◆ Directions
For this exercise, copy all the data exactly and include none of the pictures.

◆ Entries supplied
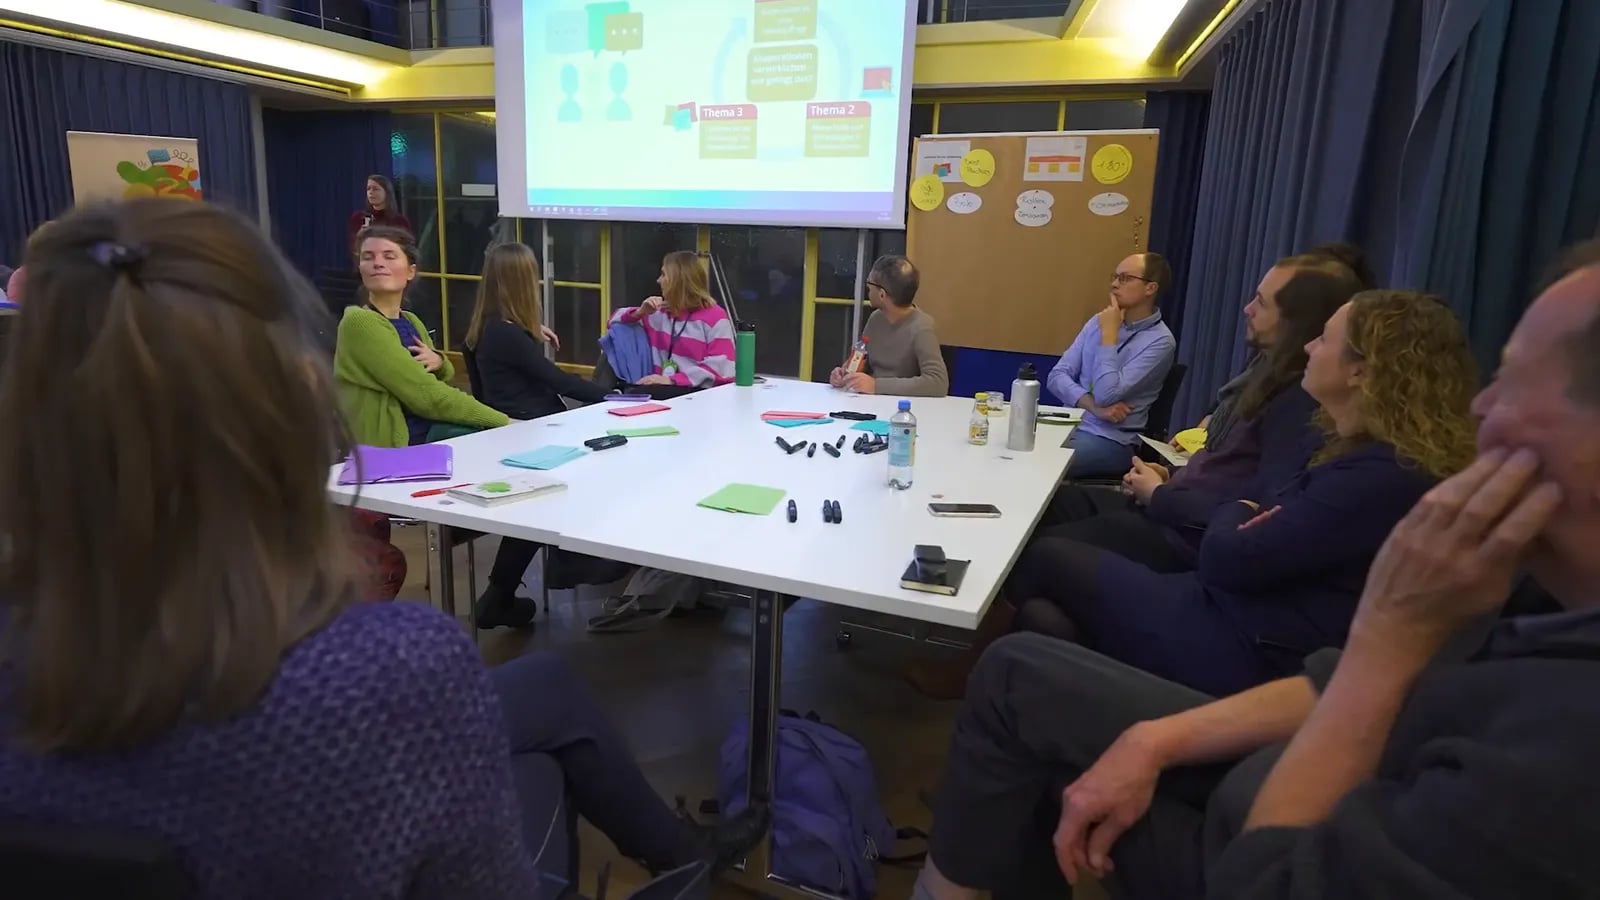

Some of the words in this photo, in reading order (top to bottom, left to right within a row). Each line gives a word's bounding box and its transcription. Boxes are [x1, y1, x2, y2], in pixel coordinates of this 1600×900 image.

[703, 108, 735, 118] Thema
[737, 108, 743, 117] 3
[810, 105, 846, 116] Thema
[848, 104, 855, 115] 2
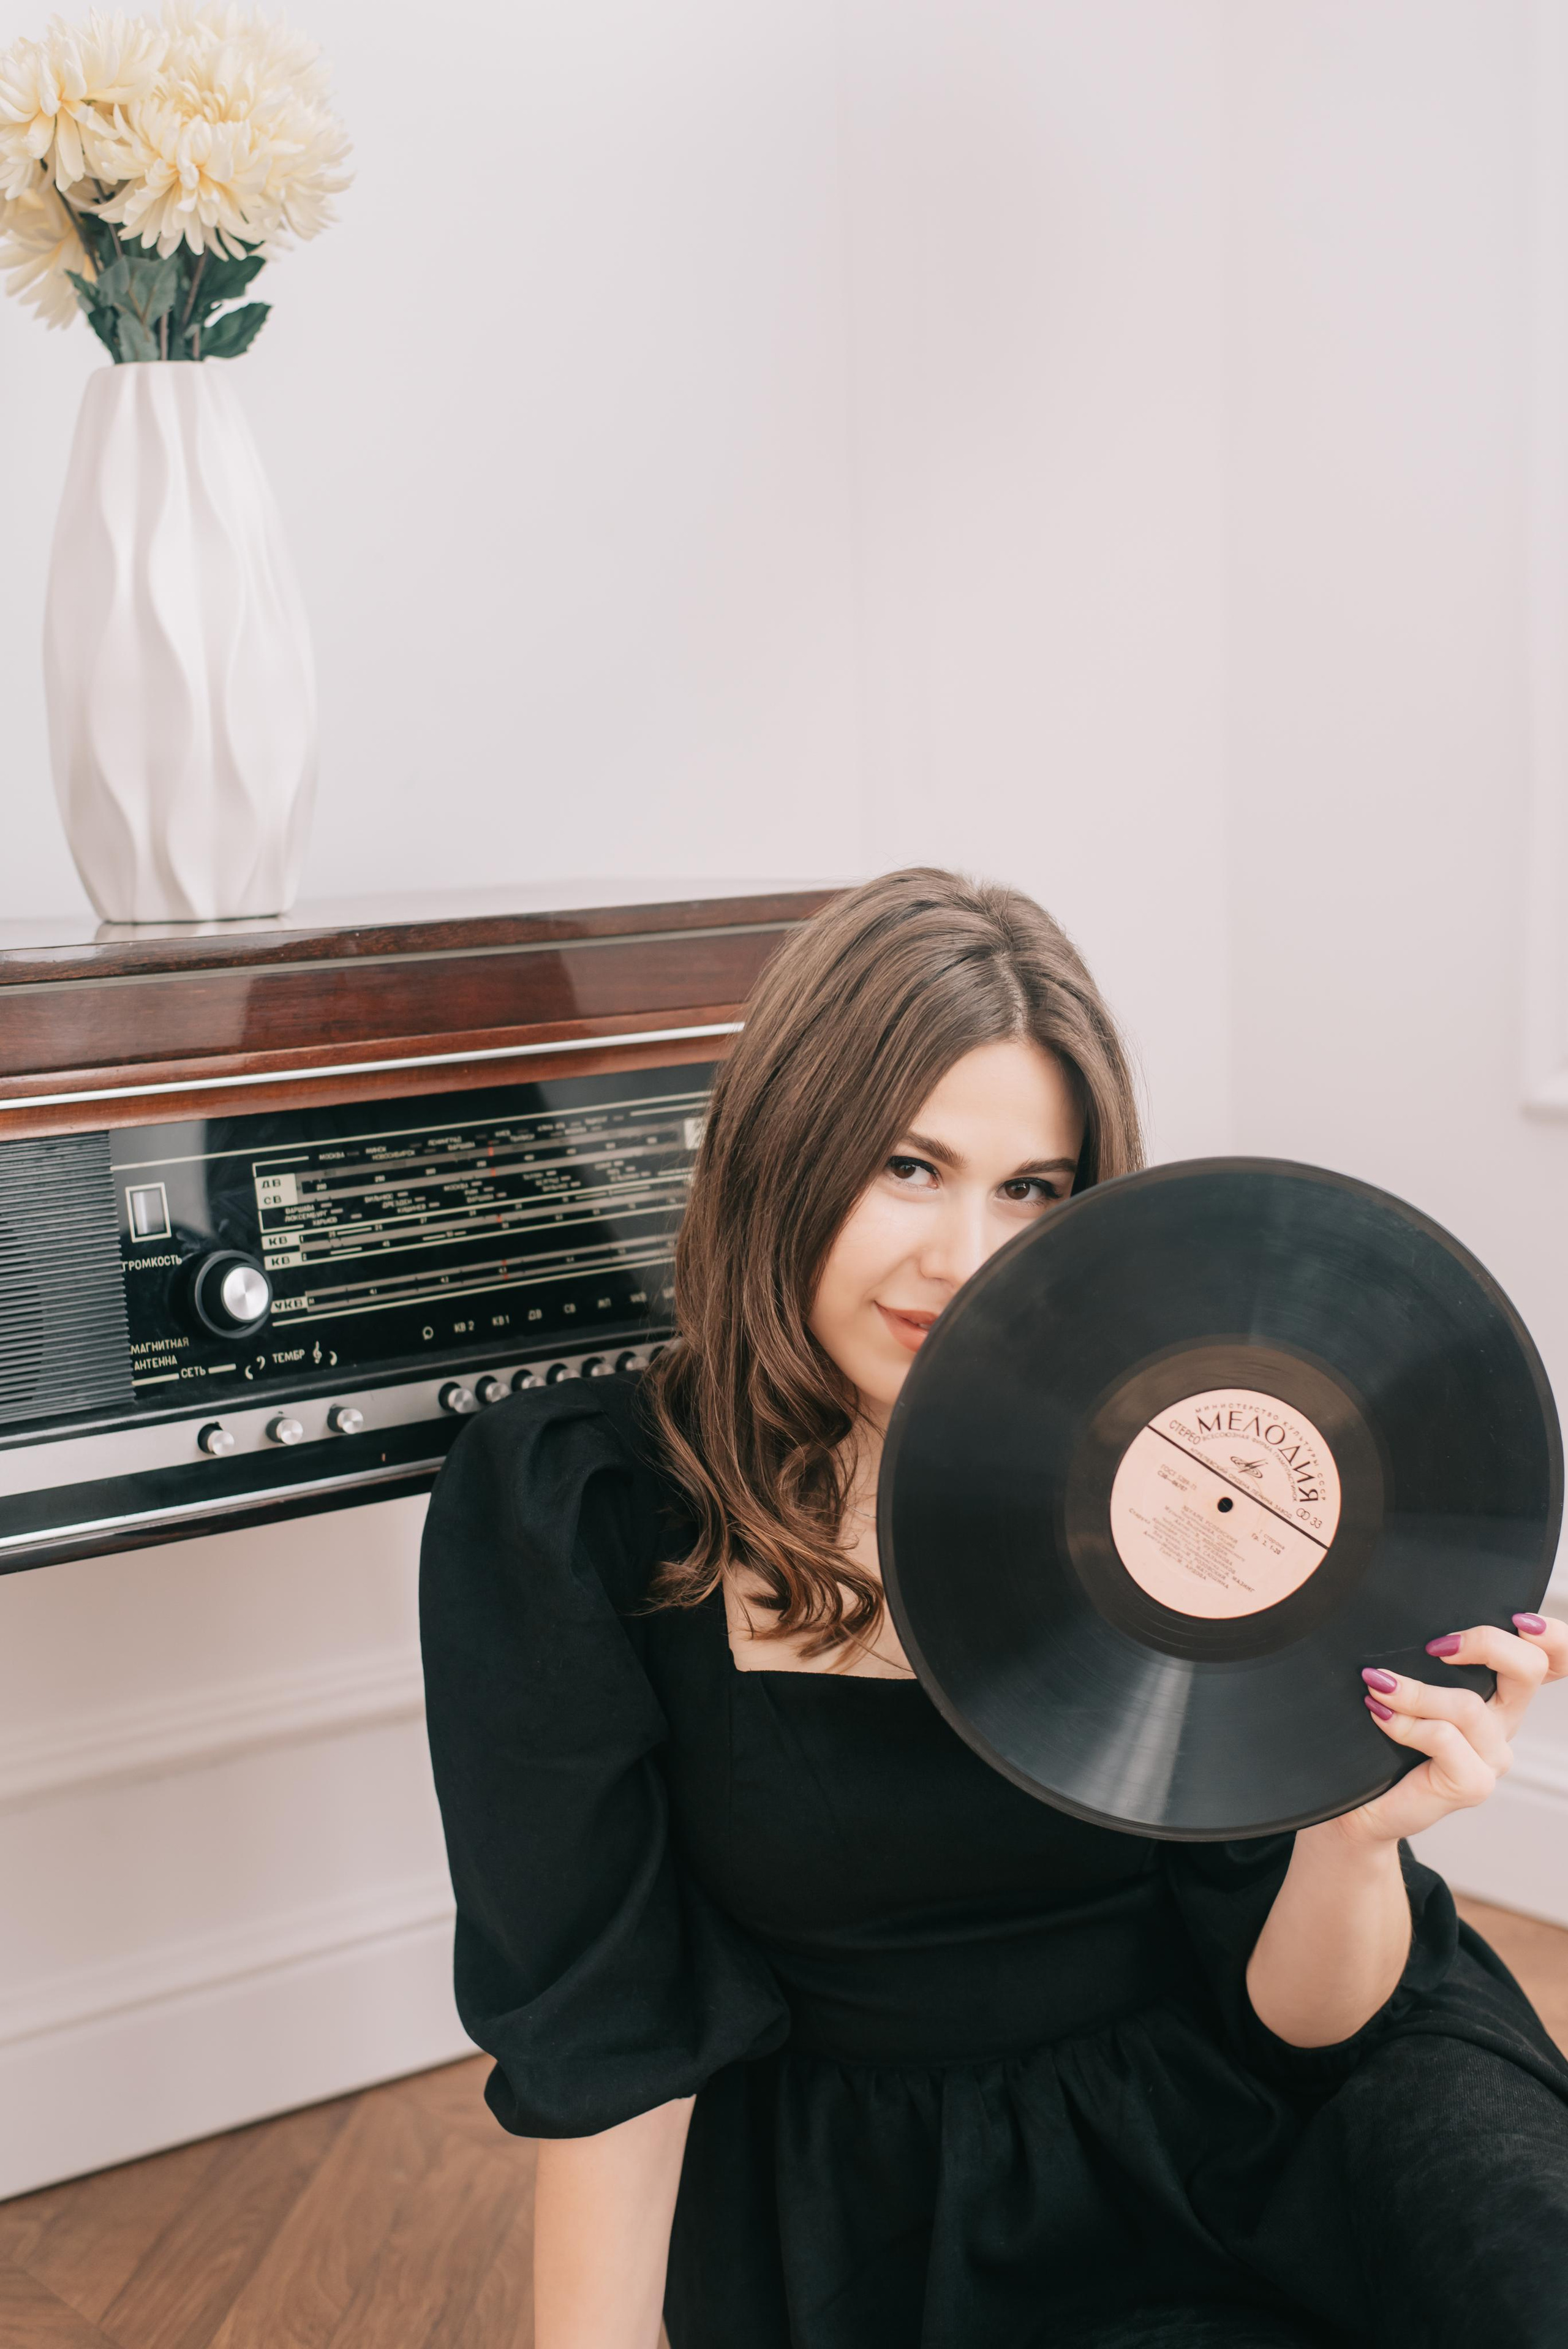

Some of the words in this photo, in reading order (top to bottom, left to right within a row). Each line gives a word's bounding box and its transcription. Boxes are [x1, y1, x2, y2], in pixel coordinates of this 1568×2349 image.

[319, 1151, 345, 1160] МОСКВА
[262, 1178, 281, 1189] ДВ
[263, 1195, 282, 1205] СВ
[284, 1209, 328, 1222] ЛЮКСЕМБУРГ
[285, 1205, 315, 1215] ВАРШАВА
[312, 1216, 337, 1226] ХАРЬКОВ
[269, 1236, 287, 1246] КВ
[122, 1254, 183, 1271] ГРОМКОСТЬ
[271, 1255, 290, 1266] КВ
[274, 1299, 303, 1311] УКВ
[454, 1322, 466, 1333] КВ
[468, 1320, 474, 1331] 2
[492, 1315, 505, 1326] КВ
[130, 1336, 189, 1355] МАГНИТНАЯ
[134, 1354, 178, 1371] АНТЕННА
[272, 1348, 305, 1364] ТЕМБР
[181, 1364, 206, 1380] СЕТЬ
[1169, 1420, 1201, 1445] СТЕРЕО
[1202, 1432, 1250, 1442] ВСЕСОЮЗНАЯ
[1195, 1402, 1280, 1421] МИНИСТЕРСТВО
[1283, 1421, 1320, 1467] КУЛЬТУРЫ
[1317, 1472, 1327, 1501] СССР
[1197, 1410, 1319, 1503] МЕЛОДИЯ
[1310, 1516, 1323, 1529] 33

◆ Exercise output
Some of the words in this photo, in reading order (top to bottom, left to right within a row). Each line gives a word's bounding box and its transcription. Boxes are [x1, y1, x2, y2], in pixel coordinates of this 1600×900 image.

[703, 108, 735, 118] Thema
[737, 108, 743, 117] 3
[810, 105, 846, 116] Thema
[848, 104, 855, 115] 2

Some of the words in this photo, in reading order (top to bottom, left to right within a row). Each line gives a word's bounding box and its transcription. Boxes are [x1, y1, x2, y2], in pixel coordinates of this 1568×2349 image.

[319, 1151, 345, 1160] МОСКВА
[262, 1178, 281, 1189] ДВ
[263, 1195, 282, 1205] СВ
[284, 1209, 328, 1222] ЛЮКСЕМБУРГ
[285, 1205, 315, 1215] ВАРШАВА
[312, 1216, 337, 1226] ХАРЬКОВ
[269, 1236, 287, 1246] КВ
[122, 1254, 183, 1271] ГРОМКОСТЬ
[271, 1255, 290, 1266] КВ
[274, 1299, 303, 1311] УКВ
[454, 1322, 466, 1333] КВ
[468, 1320, 474, 1331] 2
[492, 1315, 505, 1326] КВ
[130, 1336, 189, 1355] МАГНИТНАЯ
[134, 1354, 178, 1371] АНТЕННА
[272, 1348, 305, 1364] ТЕМБР
[181, 1364, 206, 1380] СЕТЬ
[1169, 1420, 1201, 1445] СТЕРЕО
[1202, 1432, 1250, 1442] ВСЕСОЮЗНАЯ
[1195, 1402, 1280, 1421] МИНИСТЕРСТВО
[1283, 1421, 1320, 1467] КУЛЬТУРЫ
[1317, 1472, 1327, 1501] СССР
[1197, 1410, 1319, 1503] МЕЛОДИЯ
[1310, 1516, 1323, 1529] 33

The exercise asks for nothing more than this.